▸ WHAT YOU WILL DO: In your answer, set down the records below exactly as they stand, omitting pictures.

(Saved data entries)
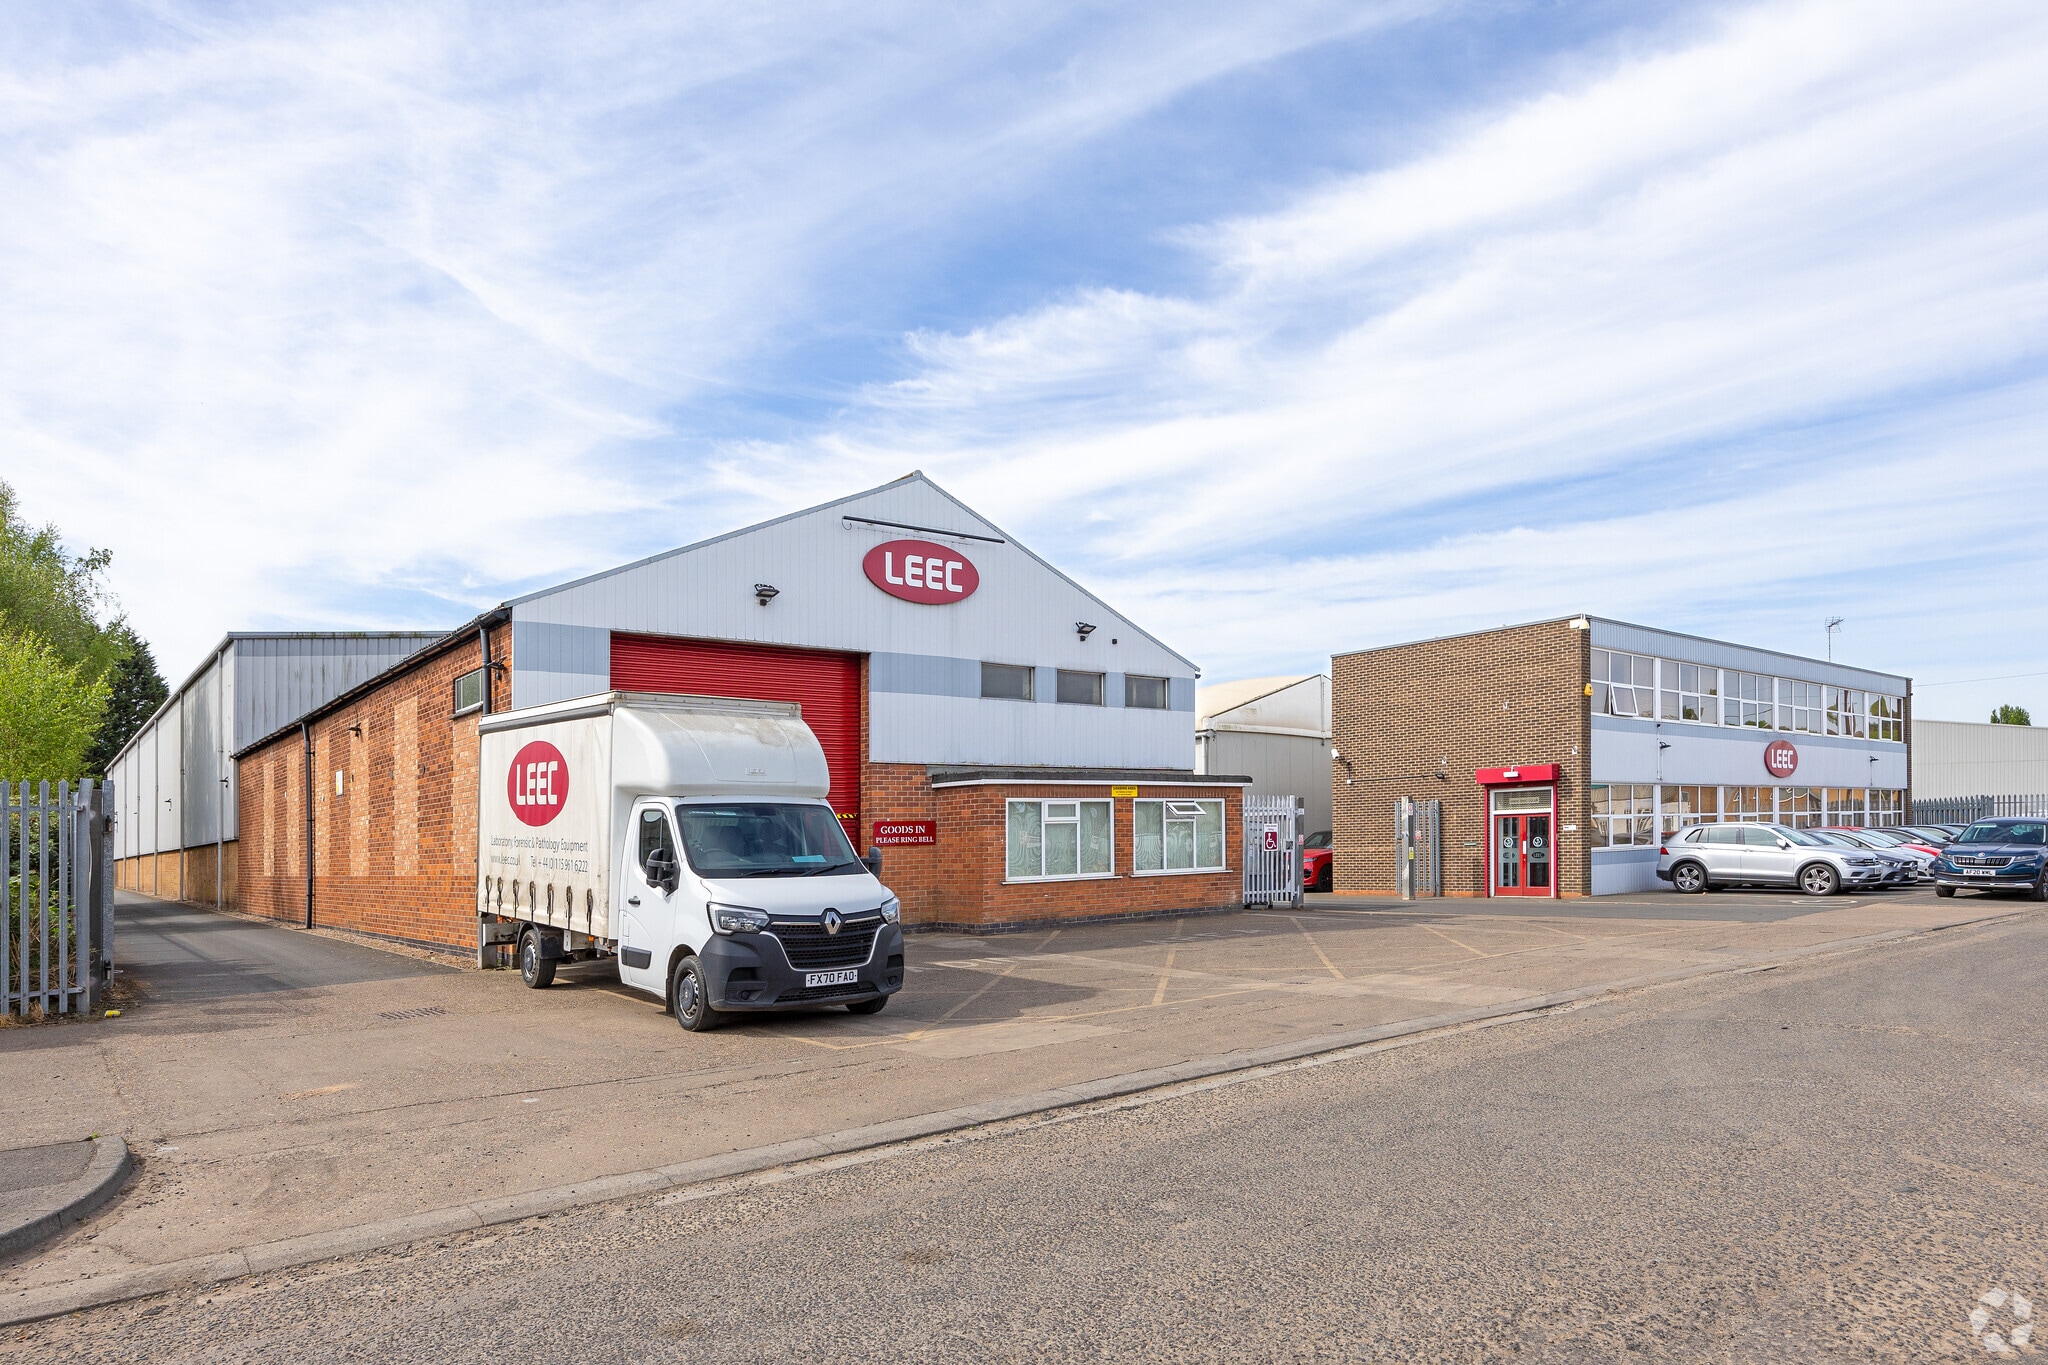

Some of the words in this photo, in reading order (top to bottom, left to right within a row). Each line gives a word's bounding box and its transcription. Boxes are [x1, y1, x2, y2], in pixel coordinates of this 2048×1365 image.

[885, 552, 963, 593] LEEC
[1771, 749, 1794, 769] LEEC
[516, 760, 558, 806] LEEC
[880, 825, 914, 835] GOODS
[915, 825, 926, 834] IN
[514, 836, 531, 849] Forensic
[536, 837, 560, 853] Pathology
[561, 838, 588, 854] Equipment
[875, 836, 900, 844] PLEASE
[918, 835, 935, 843] BELL
[564, 859, 574, 871] 961
[810, 973, 835, 985] FX70

▸ OUTPUT FOR THIS TASK:
Some of the words in this photo, in reading order (top to bottom, left to right within a row). Each line gives a word's bounding box and its transcription. Boxes are [x1, y1, x2, y2], in pixel coordinates of this 2048×1365 image.

[885, 552, 963, 593] LEEC
[1771, 749, 1794, 769] LEEC
[516, 760, 558, 806] LEEC
[880, 825, 914, 835] GOODS
[915, 825, 926, 834] IN
[514, 836, 531, 849] Forensic
[536, 837, 560, 853] Pathology
[561, 838, 588, 854] Equipment
[875, 836, 900, 844] PLEASE
[918, 835, 935, 843] BELL
[564, 859, 574, 871] 961
[810, 973, 835, 985] FX70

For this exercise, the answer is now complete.